Giovanni Paolo II, «santo polacco del Concilio Vaticano II»

Al Centro giovanile GP2 l’incontro con monsignor Piero Marini, per 25 anni accanto a Papa Wojtyla: «Era amabile, umano, e profondamente radicato nella sua terra. Aveva la vocazione ad andare “fuori”» di Lorena Leonardi

«Aveva una cannula nella trachea, un medico lo aiutava a portare a termine ogni respiro. “Padre Santo, preghi per me e per tutta la Chiesa”, gli dissi. E lui volle stringermi le mani. Non so per quanto tempo. Ci sono momenti che il tempo non è in grado di misurare. Quella è stata l’ultima volta che lo vidi vivo, morì il giorno successivo». È solo uno dei tanti ricordi su San Giovanni Paolo II che ieri, 14 maggio, monsignor Piero Marini, presidente del Pontificio Comitato per i congressi eucaristici internazionali, ha condiviso al Centro di aggregazione giovanile GP2, in un appuntamento del ciclo «Il “nostro” Giovanni Paolo II», i cui prossimi incontri si terranno il 28 maggio e il 4 giugno.

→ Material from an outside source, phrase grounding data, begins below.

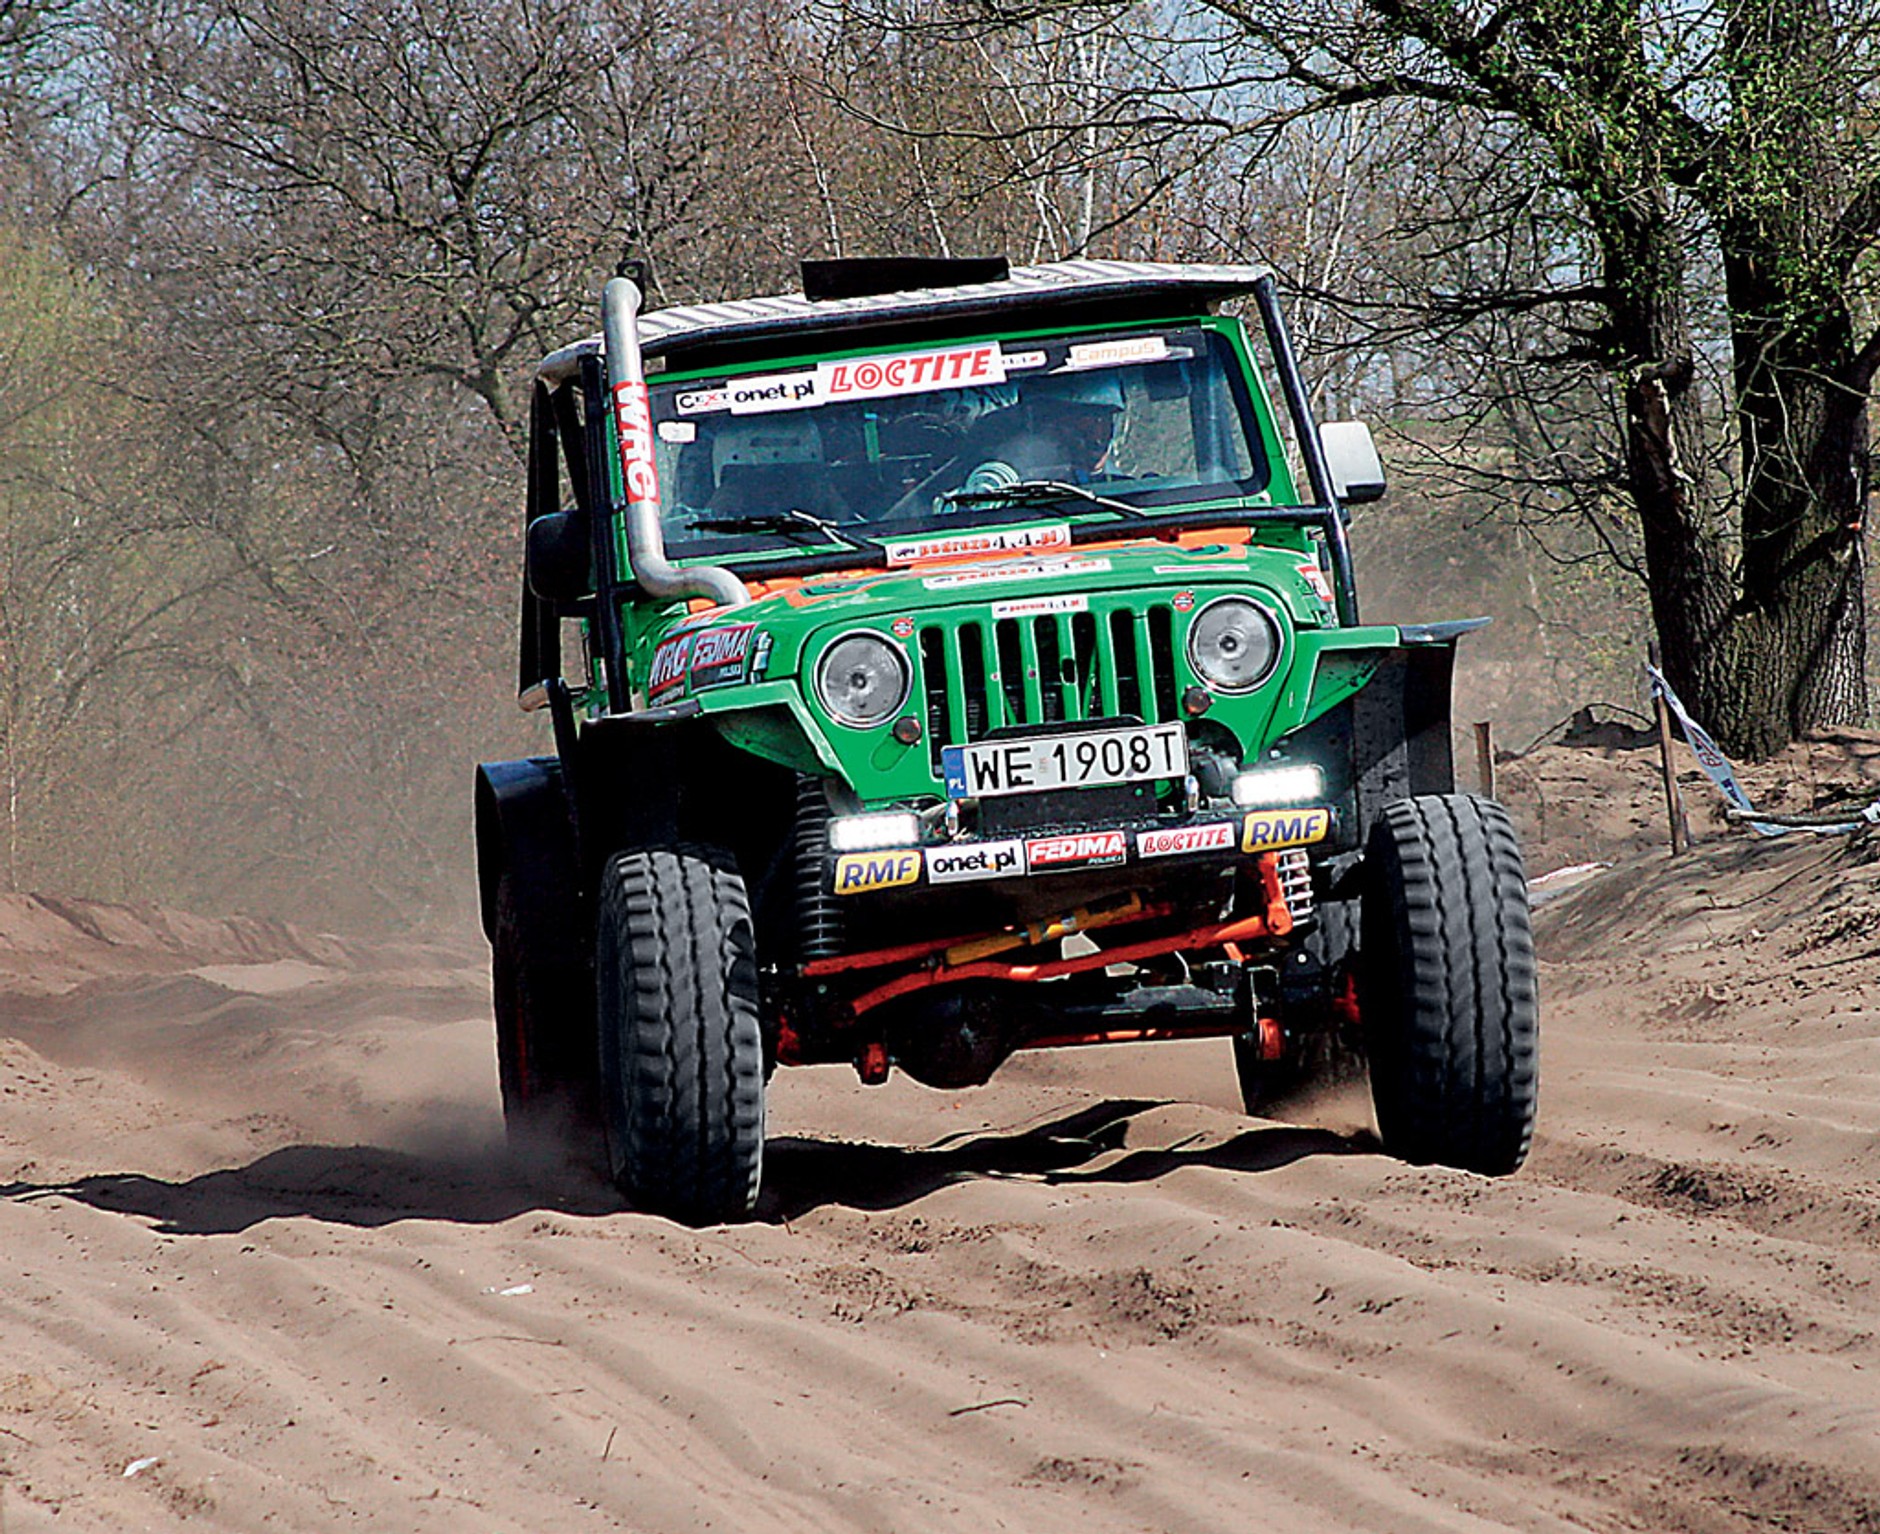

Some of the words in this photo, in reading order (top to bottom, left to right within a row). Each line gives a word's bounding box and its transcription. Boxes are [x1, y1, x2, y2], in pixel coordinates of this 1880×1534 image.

[829, 349, 992, 393] LOCTITE
[734, 379, 815, 403] onet.pl
[616, 384, 657, 499] WRC
[970, 746, 1034, 791] WE
[1052, 730, 1178, 782] 1908T
[948, 778, 965, 790] PL
[1144, 827, 1228, 853] LOCTITE
[1250, 815, 1321, 845] RMF
[933, 847, 1017, 873] onet.pl
[1028, 834, 1123, 864] FEDIMA
[842, 856, 914, 889] RMF

Per 25 anni accanto a lui, 7 come cerimoniere e 18 in qualità di maestro delle cerimonie pontificie, monsignor Marini incontrò Papa Wojtyła per la prima volta nel 1973: «Era il tempo della cortina di ferro, e dopo alcuni dibattiti legati ai patroni, i vescovi polacchi invitarono il prefetto della Congregazione per la dottrina della fede, col quale lavoravo, per risolvere la questione. Facemmo il tour di tutte le diocesi polacche, e a Cracovia ci accolse il cardinale arcivescovo Wojtyła. Passai sotto un arco del palazzo, lui camminava davanti a me, indossava un mantello nero. Mi chiese se era tutto di mio gradimento, e mi stupì tanta gentilezza verso un semplice sacerdote. Ma lo stupore – confida monsignor Marini – fu ancora più grande quando l’indomani, durante una celebrazione, mi accorsi che l’omelia di quel cardinale era diversa da quella di tutti gli altri vescovi polacchi. Rimasi colpito dal contenuto biblico, dalla straordinaria vicinanza alla gente e dallo spirito del Concilio sorprendentemente assorbito». Non a caso quando, durante il Concilio, tornava in Polonia, Wojtyła «scriveva lettere pastorali per raccontare ai suoi fedeli quell’esigenza da vivere. Avrebbe voluto un sinodo nazionale, con tappe in tutta la Polonia, perché i vescovi raccontassero il Concilio, ma dovette accontentarsi di farlo a Cracovia, nel ‘72».

San Giovanni Paolo II «poche volte perdeva la pazienza, era gioviale, simpatico, ironico». Come quella volta che monsignor Marini faceva il compleanno nel corso di una Giornata mondiale della gioventù. «“Quanti anni compi?”, mi chiese. “Cinquantaquattro”, risposi. E si voltò. Poi si girò verso di me e disse: “Ma sa che a 54 anni io ero già arcivescovo di Cracovia?”. E si voltò nuovamente. Per girarsi ancora poco dopo e confidarmi: “Ma lo sa, pensandoci bene, che in realtà ero già cardinale?”. Ridemmo assieme: era amabile, umano». E profondamente radicato nella Polonia, la sua terra. «È stato un santo che portava avanti le sue radici, impossibile capirlo senza riflettere sul fatto che era polacco, che ha vissuto il lavoro, il comunismo. Forse per questo amava tanto celebrare Messa all’aperto, lì durante il regime era vietato, per ogni processione occorreva pagare le multe. Lui, invece, aveva la vocazione ad andare fuori dalle parrocchie, dal Vaticano, dall’Italia».

Cuore dei suoi viaggi era sempre «la celebrazione eucaristica con la gente. Così in molti hanno scoperto il sacerdozio universale, ossia il fatto che a celebrare non è solo il prete ma tutta l’assemblea, con la sua cultura, le sue tradizioni». Dovendo “riassumere”, monsignor Marini definisce Papa Wojtyła «un santo polacco del Concilio Vaticano II, e aggiungo “polacco” – spiega – perché ovunque andasse voleva incontrare i suoi conterranei, regalare loro un sorriso, accarezzarli con quelle stesse mani che mi avevano consacrato vescovo e che ho tenuto nel suo ultimo giorno». È legato alle mani anche il ricordo che di San Giovanni Paolo II ha don Maurizio Mirilli, intervenuto a margine dell’incontro: «Era un giorno di maggio del 2004, il giorno della mia ordinazione. Lui, malato, parlava poco. Ero l’ultimo della fila, mi inginocchiai e poggiai le mani sui braccioli della sua poltrona. Lui mise le sue mani sulle mie e le strinse forte, guardandomi semplicemente. Quando mi trovo in difficoltà, io penso sempre a quello sguardo, che diceva “Non devi mai avere paura”».